Centuries after powering Europe’s industrial revolution, coal cannot compete with less polluting fuels to generate electricity, prompting governments and companies to close mines and plants.
Renewable sources of power have taken over for the first time in 2020, generating 40% of European Union electricity, while fossil fuels generated 34%, independent think-tank Ember said in a half-yearly report.
In Spain, coal generation fell 58% in the first six months of the year, even before half its remaining plants closed in June as they no longer complied with EU emissions rules.
Ember’s findings were reinforced by Global Energy Monitor researchers, who predicted a record rate of closures globally in 2020.
The pace of plant closures in Spain, with 69% of the entire fleet to be shuttered between 2020 and 2021, has no precedent, Global Energy Monitor program director Christine Shearer said.
“The fact that such a rapid decline has taken place indicates the increasingly uncompetitive economics of coal power,” Shearer said.
The COVID-19 outbreak depressed power demand, further reducing coal consumption, the analysts said.

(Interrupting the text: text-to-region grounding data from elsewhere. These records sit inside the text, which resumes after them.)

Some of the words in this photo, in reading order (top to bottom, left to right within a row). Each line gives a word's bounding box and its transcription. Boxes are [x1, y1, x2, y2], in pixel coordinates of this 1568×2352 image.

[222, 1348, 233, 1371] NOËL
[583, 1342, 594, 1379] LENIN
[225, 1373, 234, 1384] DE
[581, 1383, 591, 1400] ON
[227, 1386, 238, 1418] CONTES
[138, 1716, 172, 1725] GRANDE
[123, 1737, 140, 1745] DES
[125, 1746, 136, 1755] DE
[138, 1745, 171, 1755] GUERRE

In Portugal, coal generation fell 95% in the first half of 2020, Ember said. Last week major utility EDP brought forward its Iberian plant closures to 2021, after writing down their value last year.
The Netherlands, Austria and France all saw reductions of more than 50%. Sweden and Austria closed their last plants in March.
In Germany coal generation fell 39%, taking it for the first time below Poland, which now generates as much electricity from coal as the EU’s remaining 25 countries put together.
All five EU countries with no clear closure plan for their plants are in central and eastern Europe, consultancy Energy Aspects said in a separate report this month, predicting Poland’s coal reliance will cause tension in the bloc.